_What to do:_ From the line bearing "this 1618×1080 image." down to the final line of the records below, give every line again exactly and add nothing.

_Available data:_
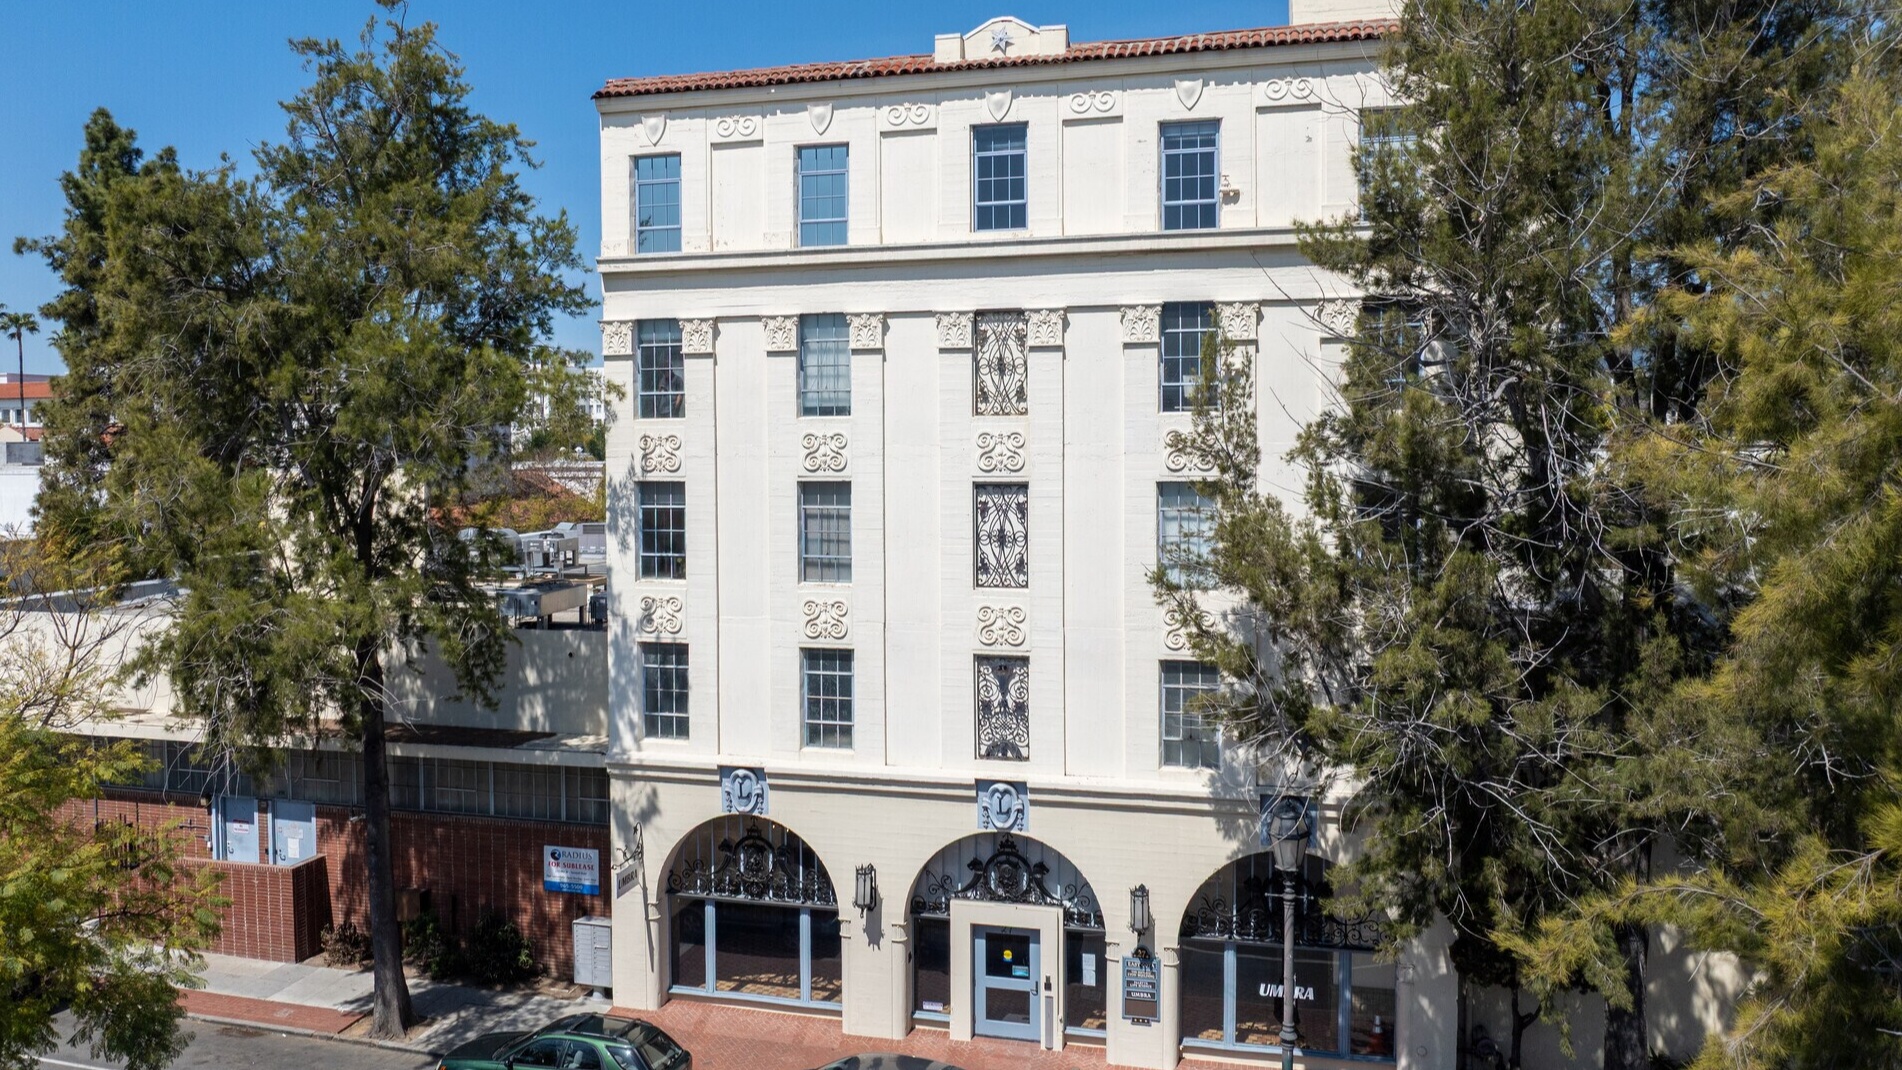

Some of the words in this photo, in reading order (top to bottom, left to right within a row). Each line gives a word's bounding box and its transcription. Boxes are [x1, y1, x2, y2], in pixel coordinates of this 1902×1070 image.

[562, 851, 593, 860] RADIUS
[562, 862, 595, 870] SUBLEASE
[618, 869, 638, 889] UMBRA
[1259, 983, 1314, 1000] UMRA
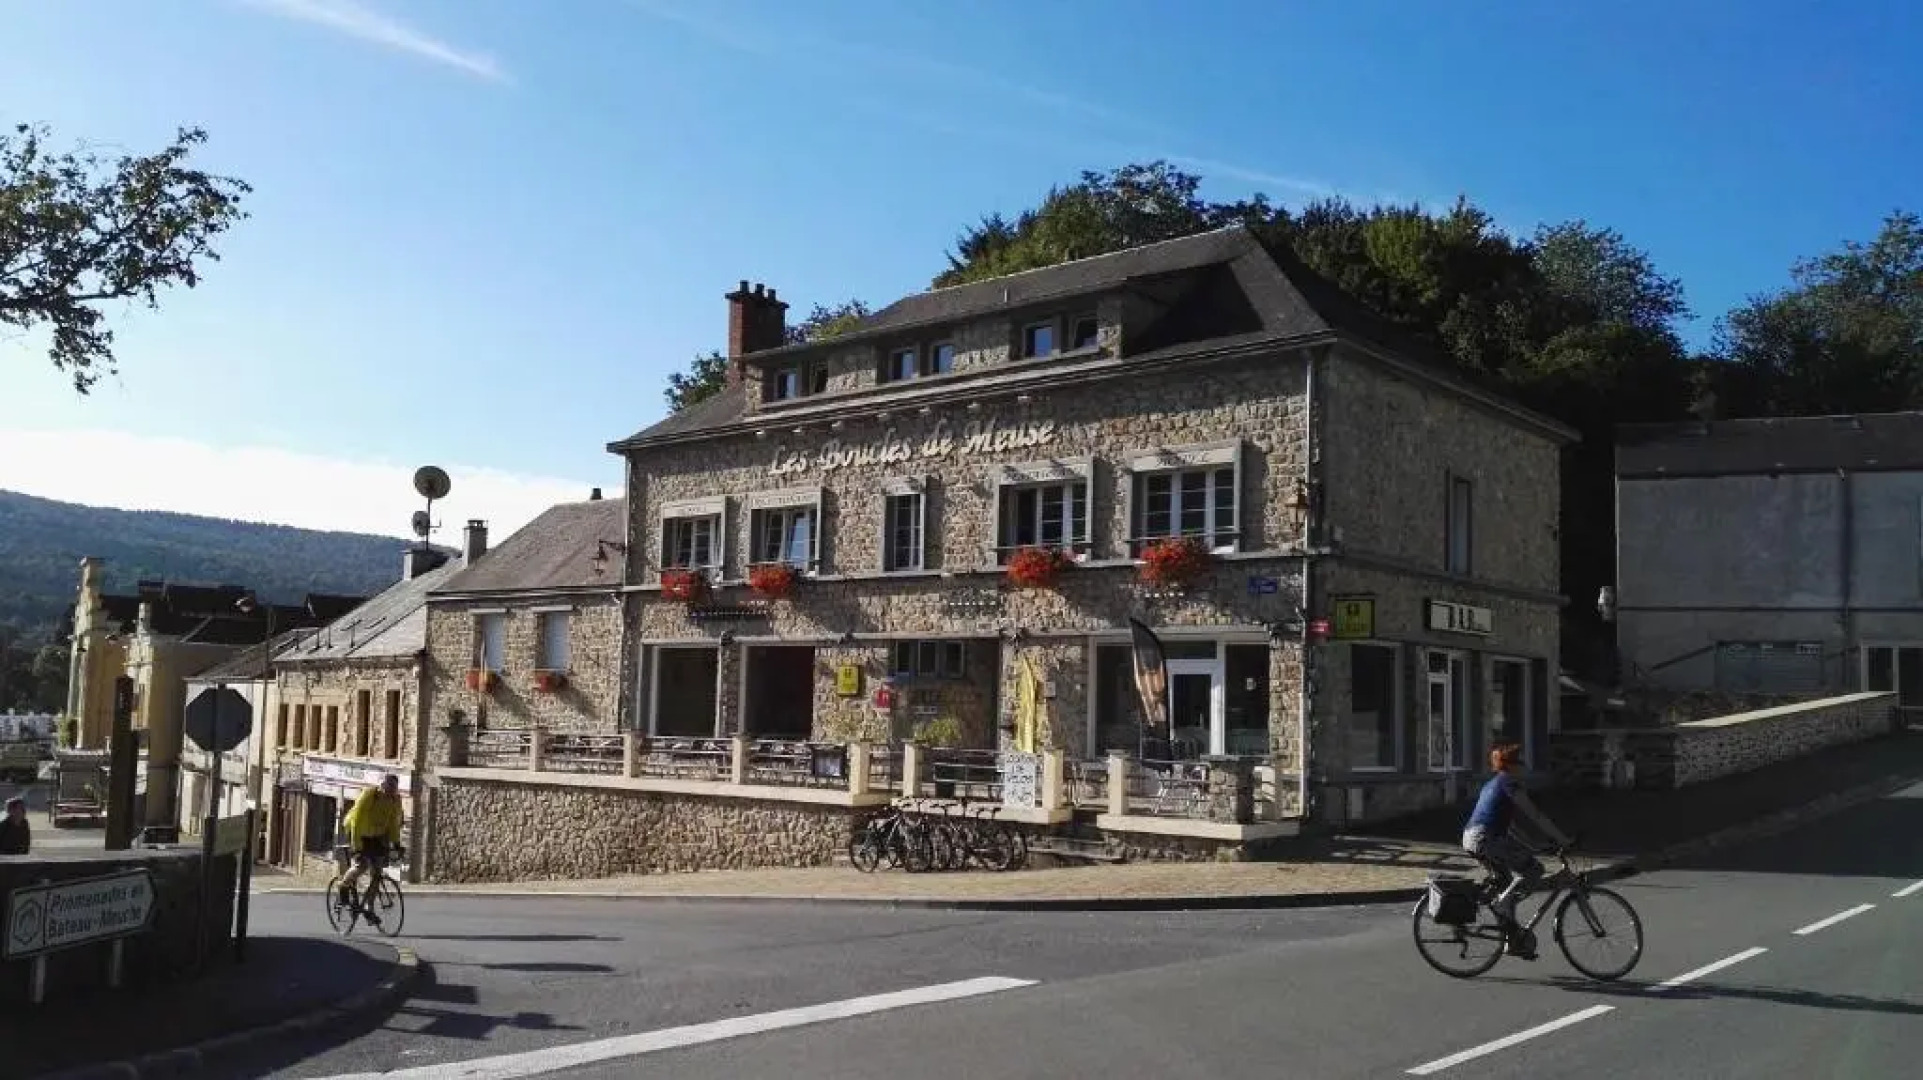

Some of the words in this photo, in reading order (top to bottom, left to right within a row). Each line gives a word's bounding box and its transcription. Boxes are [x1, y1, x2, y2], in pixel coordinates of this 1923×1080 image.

[768, 445, 807, 476] Les
[921, 418, 953, 457] de
[960, 419, 1058, 454] Meuse
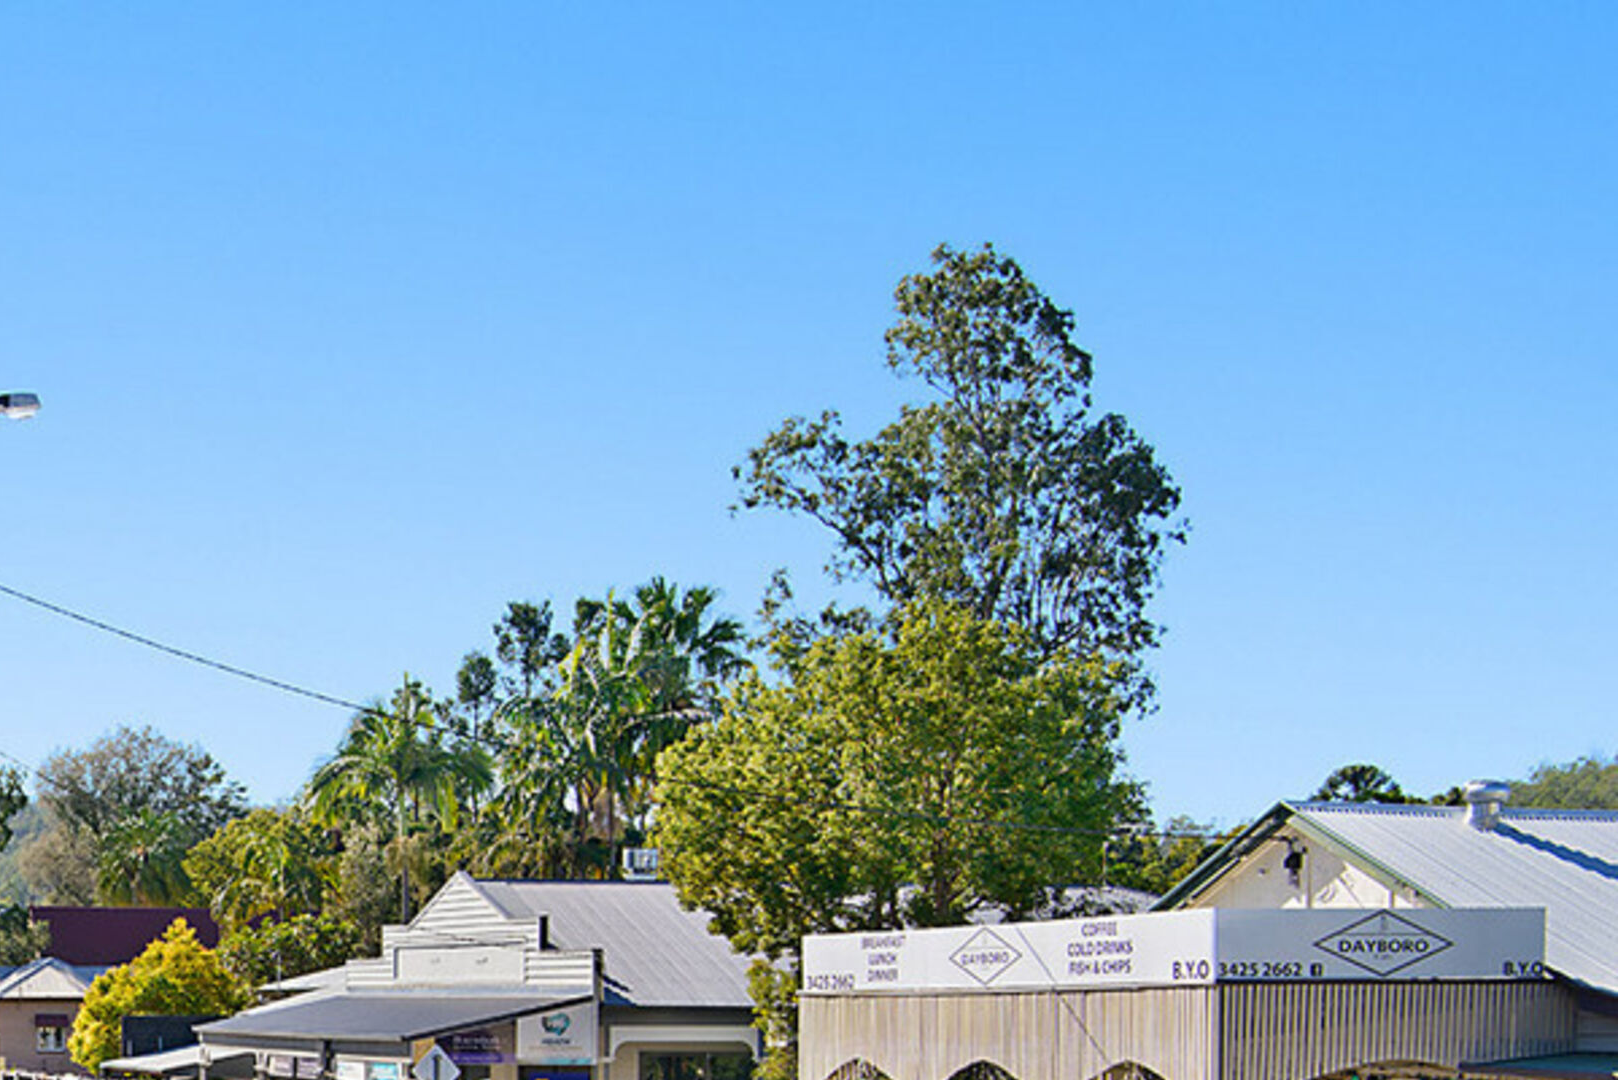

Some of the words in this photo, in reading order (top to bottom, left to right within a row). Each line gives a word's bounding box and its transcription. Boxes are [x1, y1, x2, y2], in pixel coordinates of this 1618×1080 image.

[1081, 922, 1117, 936] COFFEE
[1067, 943, 1093, 957] COLD
[1096, 940, 1133, 955] DRINKS
[1338, 939, 1430, 953] DAYBORO
[960, 951, 1010, 966] DAYBORO
[1069, 962, 1091, 976] FISH
[1093, 961, 1100, 975] &
[1102, 959, 1132, 974] CHIPS
[1219, 961, 1258, 977] 3425
[1263, 962, 1303, 977] 2662

_Your solution:_
Some of the words in this photo, in reading order (top to bottom, left to right within a row). Each line gives a word's bounding box and its transcription. Boxes are [x1, y1, x2, y2], in pixel coordinates of this 1618×1080 image.

[1081, 922, 1117, 936] COFFEE
[1067, 943, 1093, 957] COLD
[1096, 940, 1133, 955] DRINKS
[1338, 939, 1430, 953] DAYBORO
[960, 951, 1010, 966] DAYBORO
[1069, 962, 1091, 976] FISH
[1093, 961, 1100, 975] &
[1102, 959, 1132, 974] CHIPS
[1219, 961, 1258, 977] 3425
[1263, 962, 1303, 977] 2662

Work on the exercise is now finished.